Interdependence Isn’t Always Beneficial
According to conventional wisdom, economic interdependence reduces conflicts because it improves communications and restrains future aggression. Some thus warn against escalating tensions to prevent the disruption of interdependence between the two countries. However, research suggests that interdependence may not necessarily deter war, and can sometimes result in conflicts. In the face of perceived threats, states may worry about relative gains and security externality. Conflict is more likely to occur if there is asymmetric interdependence (measured by trade to GDP ratio or trade imbalance). When states expect the future trade relationship to be negative (for instance, fear of being cut off), the downsides of trade become more salient, and states are more likely to engage in conflicts.
Unlike U.S.-EU or U.S.-Canada economic ties, the U.S.-China interdependence is characterized as China’s dependence on the U.S. market while the United States depends on the Chinese suppliers, as bilateral trade data shows. An unusual incident, such as a war across the Taiwan Strait, may make the West reluctant to intervene, if China, as did Russia for energy, threatens to cut off supplies. Because both sides expect the future to be more competitive in a negative sense, more conflicts may be inevitable. Obviously, reducing dependence on China will lose the restraint effect, yet China is actively pursuing self-sufficiency, which was accelerated by the crackdown on Huawei, the trade war, and the witness of Russia being sanctioned. China as an authoritarian regime may retaliate at the expense of citizens’ welfare, whereas the West reluctantly can. Tariffs play a vital role in reducing the dependence on China before times become difficult.
Meanwhile, the traditional trade model based on comparative advantage has limitations. Governments can use strategic trade policy to exploit market imperfections to develop competitive advantages.

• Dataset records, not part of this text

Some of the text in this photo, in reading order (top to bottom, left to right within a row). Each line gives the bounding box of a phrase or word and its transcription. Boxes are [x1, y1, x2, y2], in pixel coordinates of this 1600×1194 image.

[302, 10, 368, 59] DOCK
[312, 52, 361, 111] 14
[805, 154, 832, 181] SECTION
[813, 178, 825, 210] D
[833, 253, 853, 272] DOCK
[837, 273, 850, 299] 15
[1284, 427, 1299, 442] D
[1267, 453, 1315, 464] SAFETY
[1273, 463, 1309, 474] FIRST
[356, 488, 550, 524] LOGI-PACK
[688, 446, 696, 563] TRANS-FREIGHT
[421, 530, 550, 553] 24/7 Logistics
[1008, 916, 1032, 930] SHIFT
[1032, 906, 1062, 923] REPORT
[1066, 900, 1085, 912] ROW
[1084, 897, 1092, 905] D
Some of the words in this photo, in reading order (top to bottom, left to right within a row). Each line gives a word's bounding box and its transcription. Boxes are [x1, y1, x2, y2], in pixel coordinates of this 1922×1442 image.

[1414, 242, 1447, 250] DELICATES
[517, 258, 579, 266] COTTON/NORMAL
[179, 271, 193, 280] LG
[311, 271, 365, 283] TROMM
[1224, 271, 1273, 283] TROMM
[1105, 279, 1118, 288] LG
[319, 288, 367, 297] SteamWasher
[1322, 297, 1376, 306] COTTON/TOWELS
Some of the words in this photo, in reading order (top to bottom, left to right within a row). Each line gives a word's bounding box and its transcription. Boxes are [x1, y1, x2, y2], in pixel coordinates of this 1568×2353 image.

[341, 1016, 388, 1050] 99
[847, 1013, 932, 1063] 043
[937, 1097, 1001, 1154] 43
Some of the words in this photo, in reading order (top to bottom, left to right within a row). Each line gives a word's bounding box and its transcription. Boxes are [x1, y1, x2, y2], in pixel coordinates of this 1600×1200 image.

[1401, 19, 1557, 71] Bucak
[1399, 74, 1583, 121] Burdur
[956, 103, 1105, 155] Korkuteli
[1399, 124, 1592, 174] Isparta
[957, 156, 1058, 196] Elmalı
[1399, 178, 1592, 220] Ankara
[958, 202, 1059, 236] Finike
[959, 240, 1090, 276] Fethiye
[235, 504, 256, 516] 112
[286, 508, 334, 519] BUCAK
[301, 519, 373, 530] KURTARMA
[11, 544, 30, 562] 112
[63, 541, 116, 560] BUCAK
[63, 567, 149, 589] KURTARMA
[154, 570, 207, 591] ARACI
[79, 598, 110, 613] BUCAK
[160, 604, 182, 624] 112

As of now, China has not demonstrated respect for the spirit of free trade, such as division of labor and equal entry. It is obsessed with export-led prosperity and domination in supply chains to the largest extent.
Clearly, China offers quality products at reasonable prices, and tariffs harm economic efficiency. However, faced with unfair competition by a “whole nation” strategy, U.S. firms find it difficult to compete even in areas such as telecommunications, semiconductors, robotics, drones, and new energy vehicles. Economic efficiency cannot be achieved if many industries that otherwise thrive in fair competition stagnate or disappear. The resulting domestic slack contributes to socio-economic problems such as populism and polarization. Since China is able to freely access the U.S. market under the WTO, tariffs may serve to protect U.S. firms and workers from unfair competition at least domestically, a central tenet of Biden’s trade policy. On the global stage, it requires the United States and its allies to act in concert, something Trump did not do. Other countries also suffer.